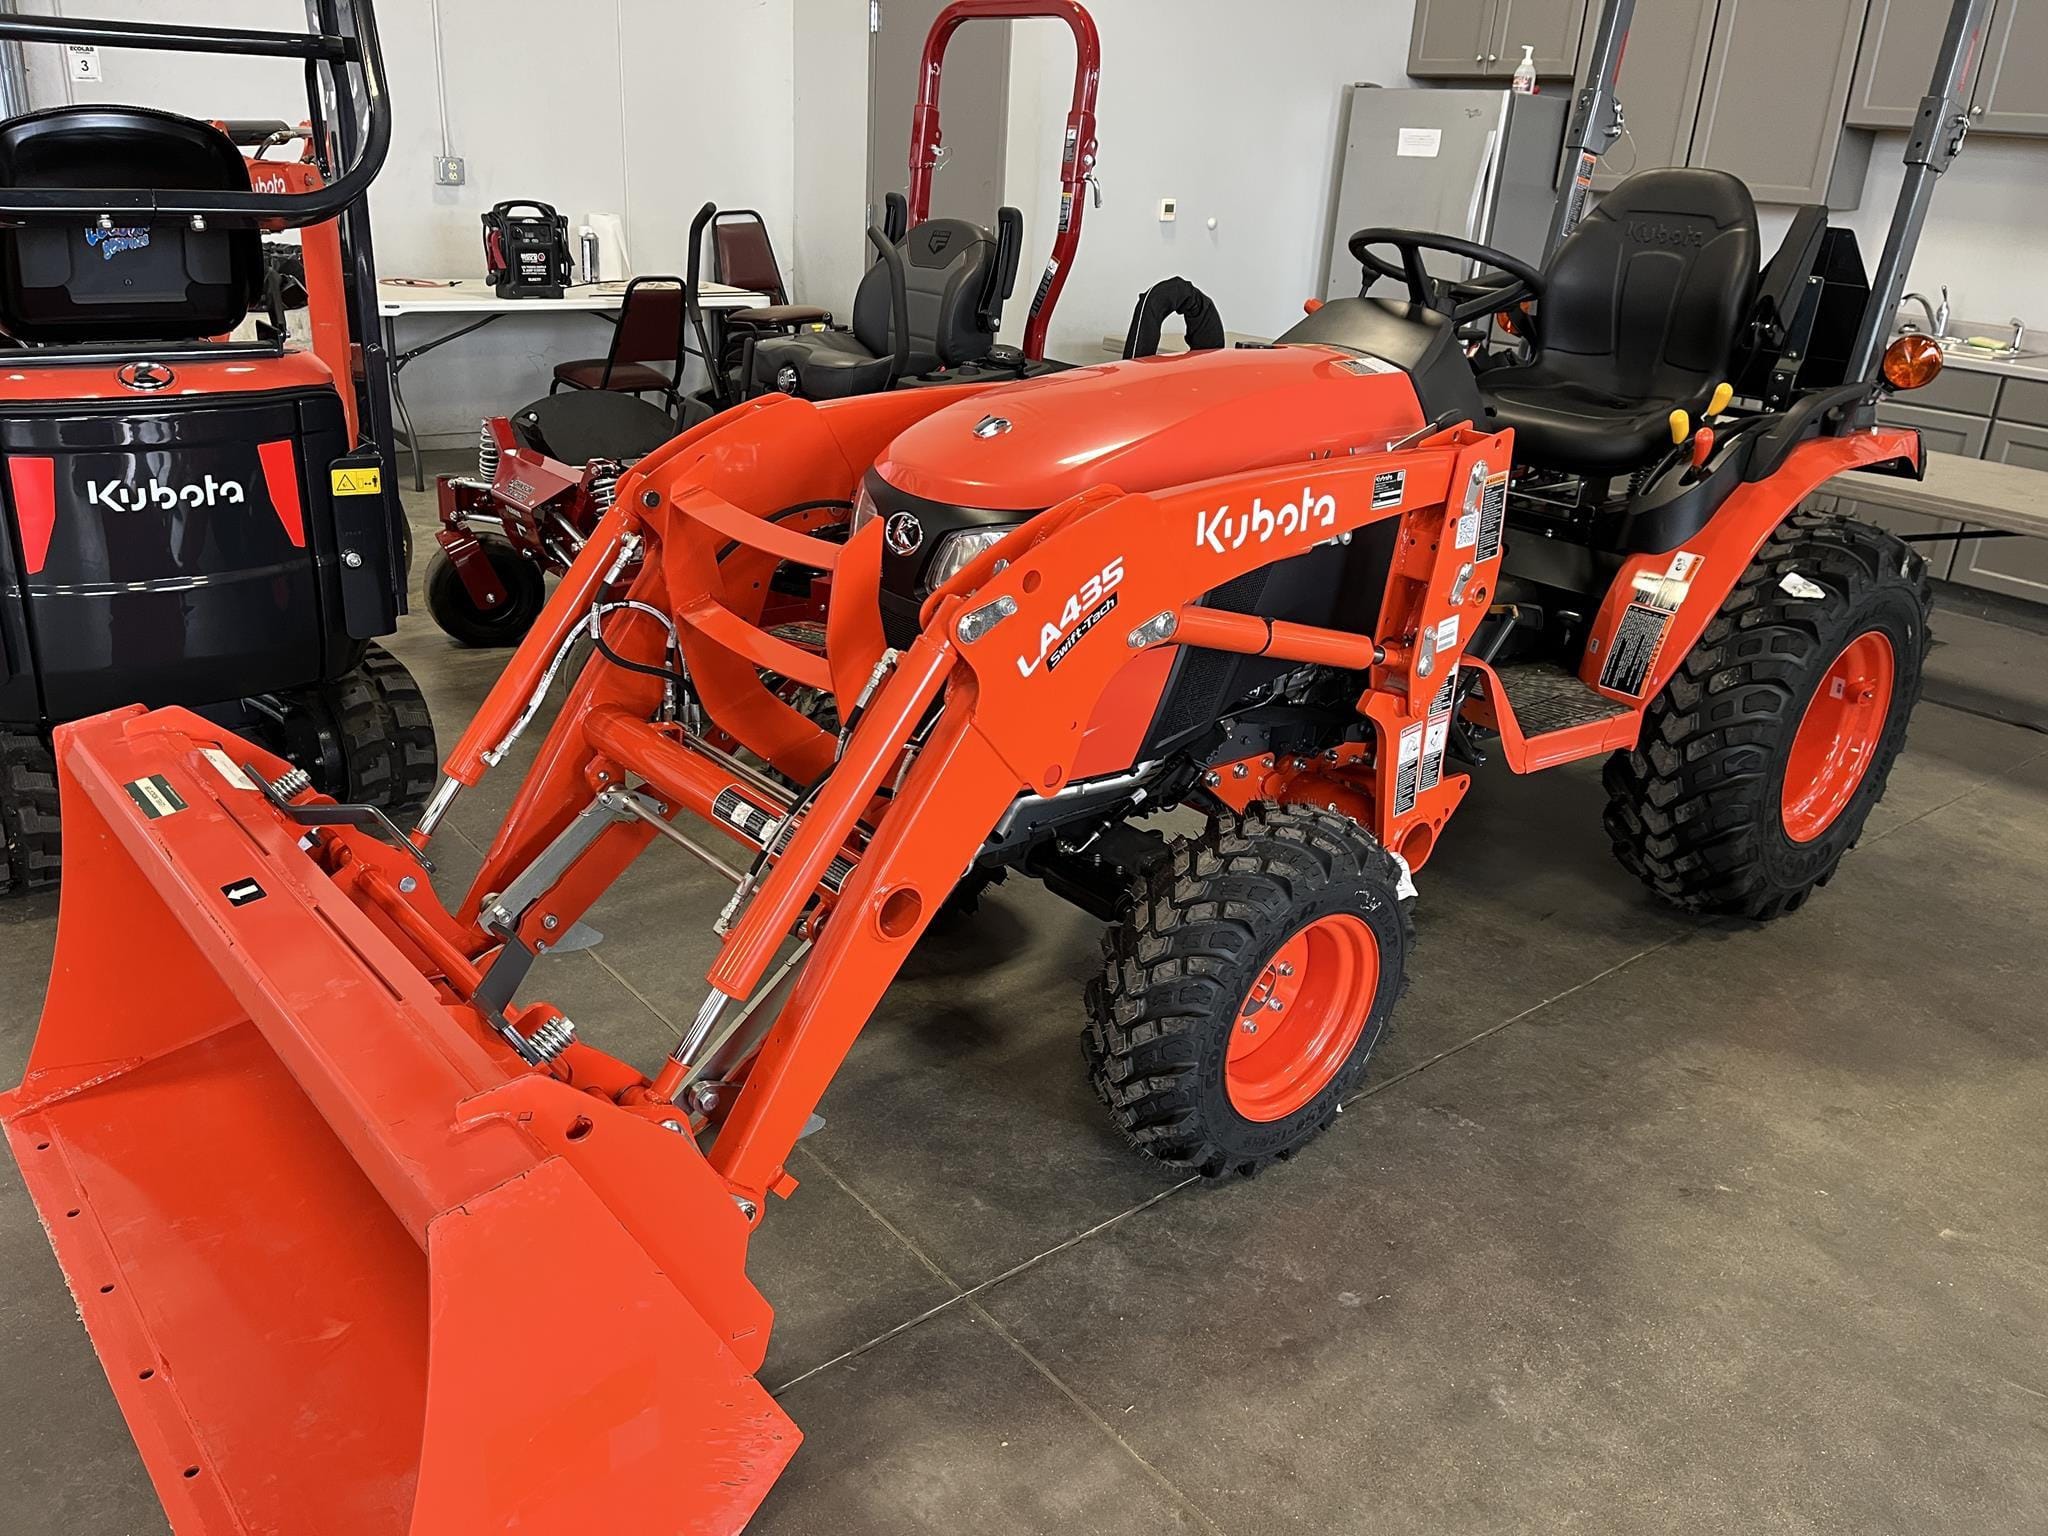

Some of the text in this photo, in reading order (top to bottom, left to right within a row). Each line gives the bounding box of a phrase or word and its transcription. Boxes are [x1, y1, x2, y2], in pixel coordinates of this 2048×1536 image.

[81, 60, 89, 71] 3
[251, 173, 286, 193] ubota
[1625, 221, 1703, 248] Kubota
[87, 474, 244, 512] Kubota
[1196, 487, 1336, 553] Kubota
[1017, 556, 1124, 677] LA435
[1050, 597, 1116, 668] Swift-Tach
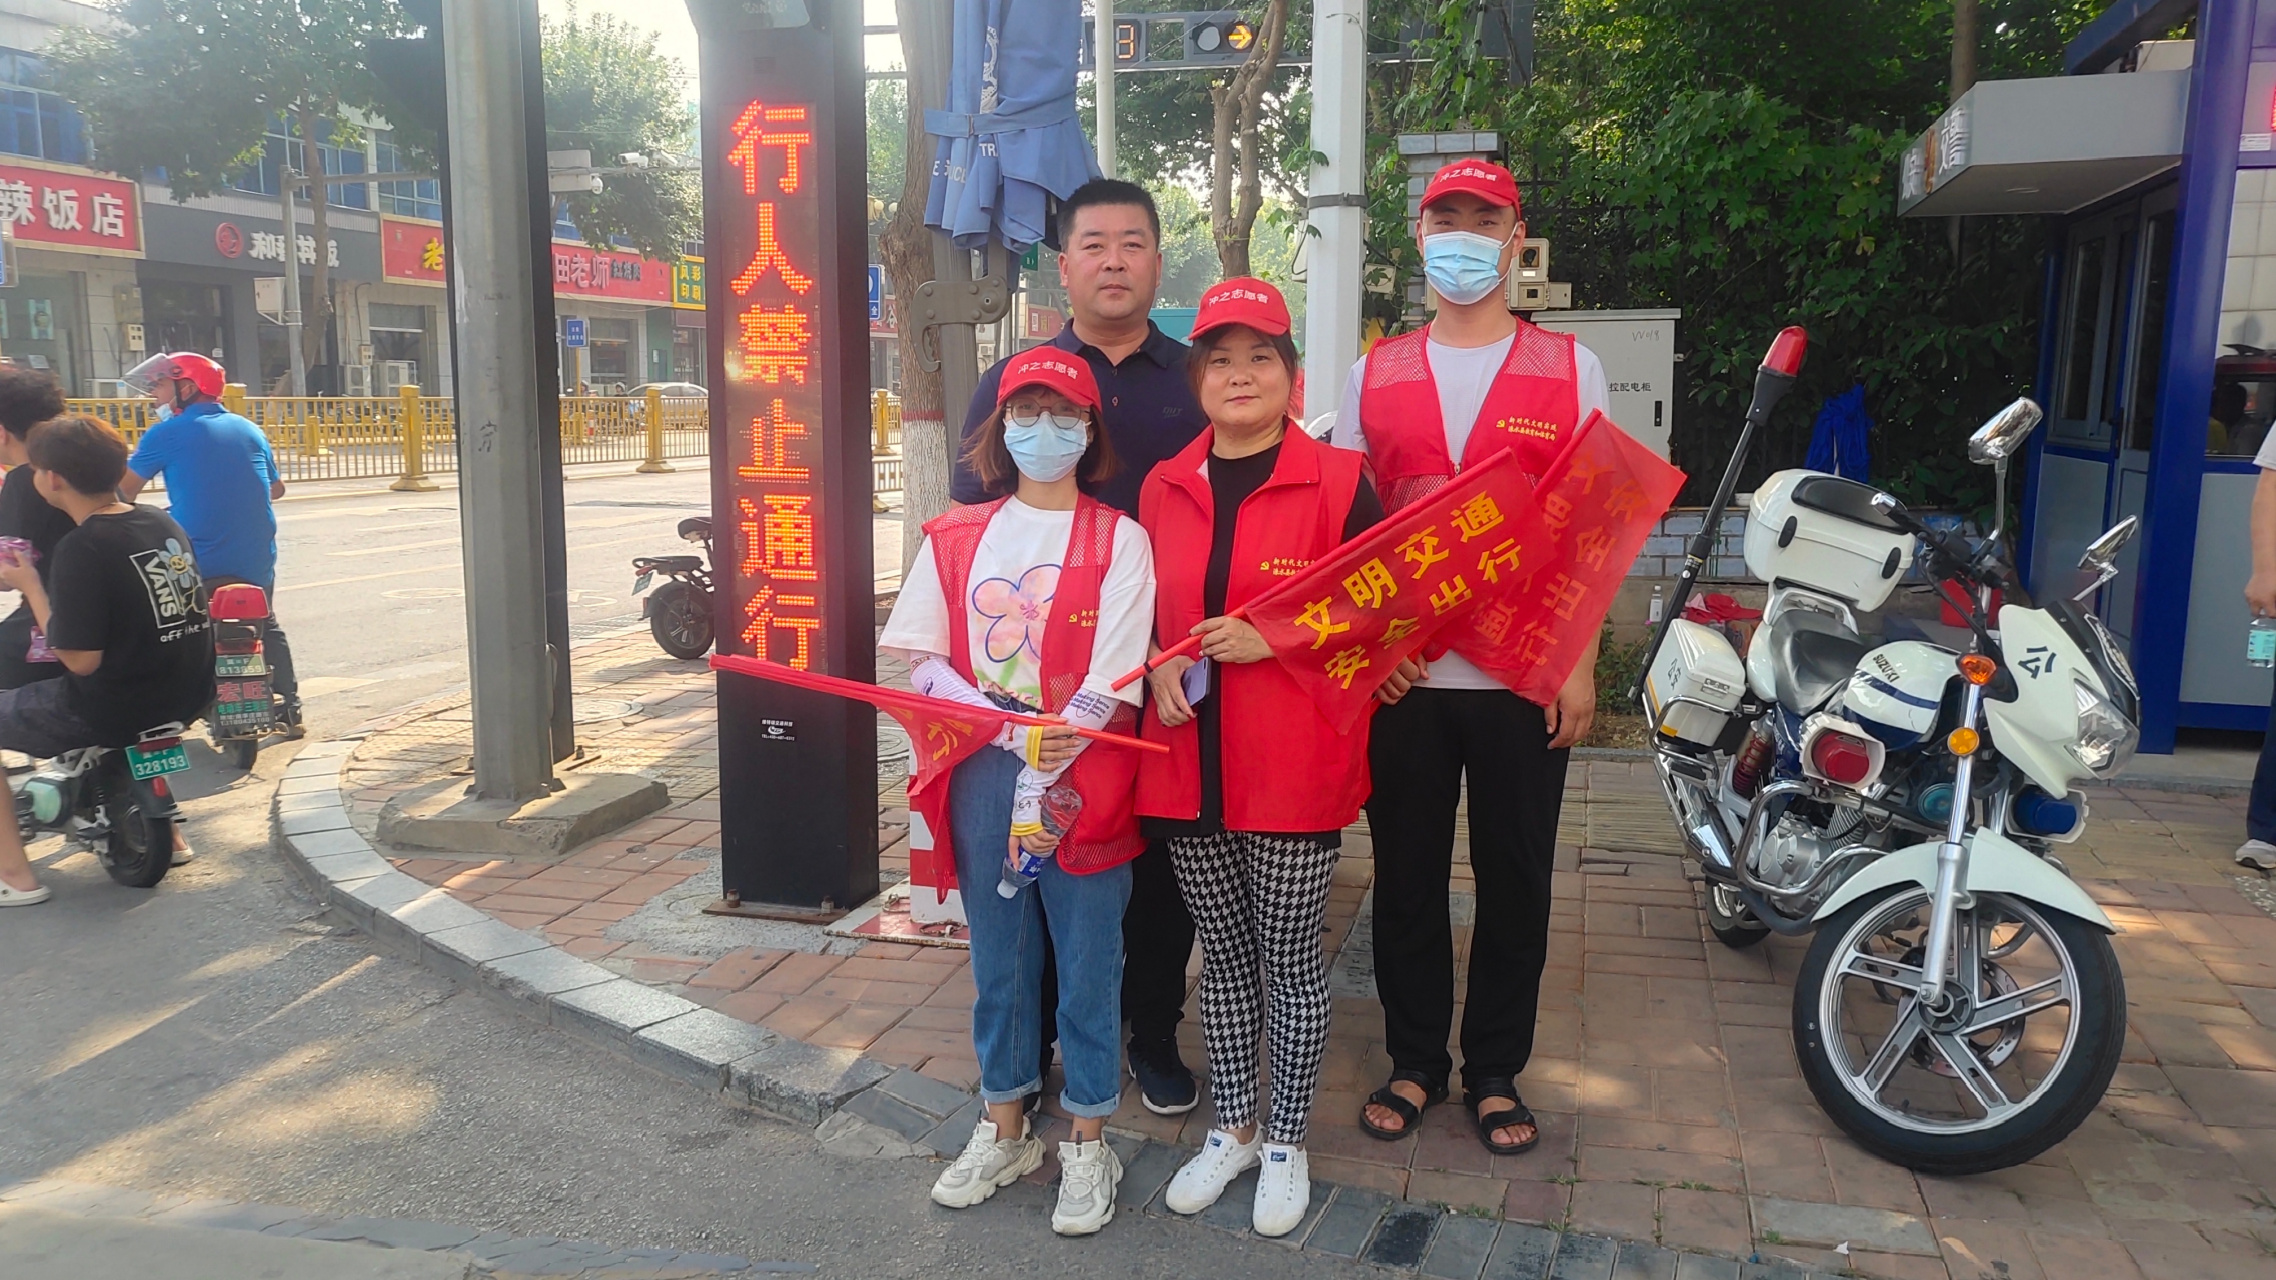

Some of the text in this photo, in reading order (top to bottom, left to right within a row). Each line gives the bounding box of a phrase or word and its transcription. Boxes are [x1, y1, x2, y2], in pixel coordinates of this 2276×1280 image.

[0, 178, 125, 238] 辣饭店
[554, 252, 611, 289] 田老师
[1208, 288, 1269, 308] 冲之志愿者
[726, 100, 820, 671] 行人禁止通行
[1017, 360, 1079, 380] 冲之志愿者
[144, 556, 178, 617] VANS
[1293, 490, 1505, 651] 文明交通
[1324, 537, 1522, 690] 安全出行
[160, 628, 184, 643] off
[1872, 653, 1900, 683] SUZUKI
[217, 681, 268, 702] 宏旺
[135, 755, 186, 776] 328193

━━━━━━━━━━━━━━━━━━━━━━━━━━━━━━

[THE TASK]
Your task is to reproduce exactly the lines from the one with "this 2276×1280 image." through the end of the listing. Both ends belong in the answer.

[ANSWER FOR THE TASK]
Some of the text in this photo, in reading order (top to bottom, left to right within a row). Each line gives the bounding box of a phrase or word and its transcription. Boxes are [x1, y1, x2, y2], in pixel coordinates of this 2276×1280 image.

[0, 178, 125, 238] 辣饭店
[554, 252, 611, 289] 田老师
[1208, 288, 1269, 308] 冲之志愿者
[726, 100, 820, 671] 行人禁止通行
[1017, 360, 1079, 380] 冲之志愿者
[144, 556, 178, 617] VANS
[1293, 490, 1505, 651] 文明交通
[1324, 537, 1522, 690] 安全出行
[160, 628, 184, 643] off
[1872, 653, 1900, 683] SUZUKI
[217, 681, 268, 702] 宏旺
[135, 755, 186, 776] 328193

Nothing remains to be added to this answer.